The Habitat Integrity Index (HII) program conducted by the Idaho Conservation Data Center (ICDC, now the INHP) was the first rangewide effort aimed at monitoring Lepidium papilliferum and its habitat. The HII was initiated in 1998 and ran for 5 years through 2002 (Mancuso and Moseley 1998; Mancuso et al. 1998; Mancuso 2000, 2001, 2002, 2003). Although 52 transects were established over the years, a total of 17 transects were sampled during all years of HII monitoring (Mancuso 2003, p. 3); no rangewide monitoring of L. papilliferum was conducted in 2003. Monitoring was initially based on a system of transects of varying lengths across the range of L. papilliferum, each subjectively located to include 10 slickspots on sites known to contain L. papilliferum (summarized in Sullivan and Nations 2009, p. 33; see Mancuso et al. 1998 for details). The primary goal of the HII methodology was to assess the overall habitat condition, including attributes associated with the slickspots and the sagebrush-steppe habitat; L. papilliferum abundance was assessed categorically (assigned to a range of values) in this program.

In 2004, the HII was replaced by the Habitat Integrity and Population (HIP) monitoring protocol, also implemented by the ICDC. HIP monitoring has been conducted annually since its implementation, thus 5 years of HIP data are now available (through 2008) (ICDC 2008, p. 2; State of Idaho 2008). The HIP protocol was designed to provide data more replicable and specific to the monitoring required for the Candidate Conservation Agreement (CCA) developed by the State of Idaho, BLM, and others in 2003 (State of Idaho et al. 2003). HIP presents measures of habitat, disturbance, and plant community attributes at each transect as well as counts of L. papilliferum rosettes and reproductive plants observed (with the exception of 2004, which still utilized categorical assessments of plant abundance).
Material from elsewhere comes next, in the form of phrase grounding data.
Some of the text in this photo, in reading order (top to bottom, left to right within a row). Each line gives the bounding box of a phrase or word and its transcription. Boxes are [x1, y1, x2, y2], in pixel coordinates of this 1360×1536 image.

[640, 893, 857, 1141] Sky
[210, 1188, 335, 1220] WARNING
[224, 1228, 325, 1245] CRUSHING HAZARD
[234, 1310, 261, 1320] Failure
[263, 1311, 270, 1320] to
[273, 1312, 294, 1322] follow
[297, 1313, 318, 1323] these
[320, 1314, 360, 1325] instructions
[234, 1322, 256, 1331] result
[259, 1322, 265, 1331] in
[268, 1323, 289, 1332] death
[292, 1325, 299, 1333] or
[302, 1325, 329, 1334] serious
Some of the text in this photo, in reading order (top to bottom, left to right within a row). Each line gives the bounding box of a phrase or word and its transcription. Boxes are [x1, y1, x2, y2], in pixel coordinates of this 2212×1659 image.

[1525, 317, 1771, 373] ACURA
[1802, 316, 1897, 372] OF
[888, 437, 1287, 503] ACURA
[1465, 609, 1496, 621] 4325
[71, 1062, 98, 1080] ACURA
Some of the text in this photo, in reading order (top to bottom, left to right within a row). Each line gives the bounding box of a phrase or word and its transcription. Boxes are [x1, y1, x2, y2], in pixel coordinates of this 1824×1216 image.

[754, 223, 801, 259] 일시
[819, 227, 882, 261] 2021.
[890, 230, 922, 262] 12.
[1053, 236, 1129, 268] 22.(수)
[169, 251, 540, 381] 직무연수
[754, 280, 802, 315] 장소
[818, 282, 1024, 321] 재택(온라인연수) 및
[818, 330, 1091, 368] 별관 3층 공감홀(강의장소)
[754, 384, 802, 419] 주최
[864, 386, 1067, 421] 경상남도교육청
Similar to the HII protocol, HIP is based on transects of varying lengths subjectively located to include 10 slickspots along their lengths (see Colket 2005 for details on the HIP methodology); however, the HIP protocol includes a significantly greater number of rangewide transects, having increased from the original 70 established in 2004 to 80 today (ICDC 2008, p. 3).

HIP monitoring has been annually conducted since 2004 and consists of the following procedures: (1) Establish and permanently mark HIP transects; (2) record location information; (3) take photographs; (4) measure population, habitat, and disturbance attributes at selected slickspots; (5) measure plant community attributes; and (6) analyze and describe the results (Colket 2008, p. 3).

The INHP's EO records and the HII-HIP monitoring programs cover the entire range of Lepidium papilliferum. In addition, monitoring that has occurred within a subset of the species' range, on the Idaho Army National Guard's Orchard Training Area (OTA), provides particularly important information on the status of L. papilliferum due to the long-term nature of the monitoring programs. The sagebrush-steppe on the OTA is considered to be some of the highest-quality habitat remaining within the range of L. papilliferum, and the OTA is home to one of the largest and most expansive EOs of the species (Sullivan and Nations 2009, p. 22). Two of the OTA programs have been monitoring the same locations annually (with a few exceptions) since the early 1990s, and hence provide up to 18 years of population data for L. papilliferum. These two monitoring programs are known as rough census areas and special-use plots; both are conducted by staff or contractors of the OTA.

The methods of the rough census monitoring areas are presented in Sullivan and Nations 2009 (pp. 28-29). Briefly, the program began in 1990 by monitoring 5 areas but expanded to the current total of 15 rough census areas by 1994; the combined extent of the rough census areas on the OTA is 866.1 ac (350.5 ha). Counts are conducted by technicians who walk across parallel transects 66 ft (20 m) apart and record the total number of Lepidium papilliferum individuals observed in any occupied slickspots that are found; reproductive status is not noted. The sizes of the 15 rough census areas differ, ranging from 4.1 ac (1.7 ha) to 138.3 ac (56.0 ha), and not all areas have been monitored in all years; thus, analyses of the data must be standardized by transforming the raw count data to plant density (number of plants per unit area) to account for these differences (Sullivan and Nations 2009, p. 36). Using density as the index of population abundance instead of total counts also allowed for the use of 18 years of rough census data, from 1990 through 2008 (there were no counts in 1999), although only a few of the rough census areas were monitored in the earlier years.

The special-use plots are also located on the OTA. Although called “plots,” these are actually a series of 16 belt transects, each containing a single Start Printed Page 52018slickspot (see Sullivan and Nations 2009, pp. 29-33, for details). A stake is centered in the single slickspot, and each year the number of Lepidium papilliferum individuals with a 16.4-ft (5-m) radius of that stake (comprising a 32.8-ft (10-m) diameter circle) are counted (additional habitat information is collected from the remainder of the belt transect). Lepidium papilliferum abundance estimates for each of the 16 central circular plots has been collected annually each year from 1991 through 2008; thus, 18 years of special-use plot data are available. As all special-use plots were the same size and were surveyed in all years, estimates of abundance are based on reported total counts of individual plants (Sullivan and Nations 2009, p. 37). Beginning in 2000, the special-use plot data distinguished between blooming and nonblooming individuals.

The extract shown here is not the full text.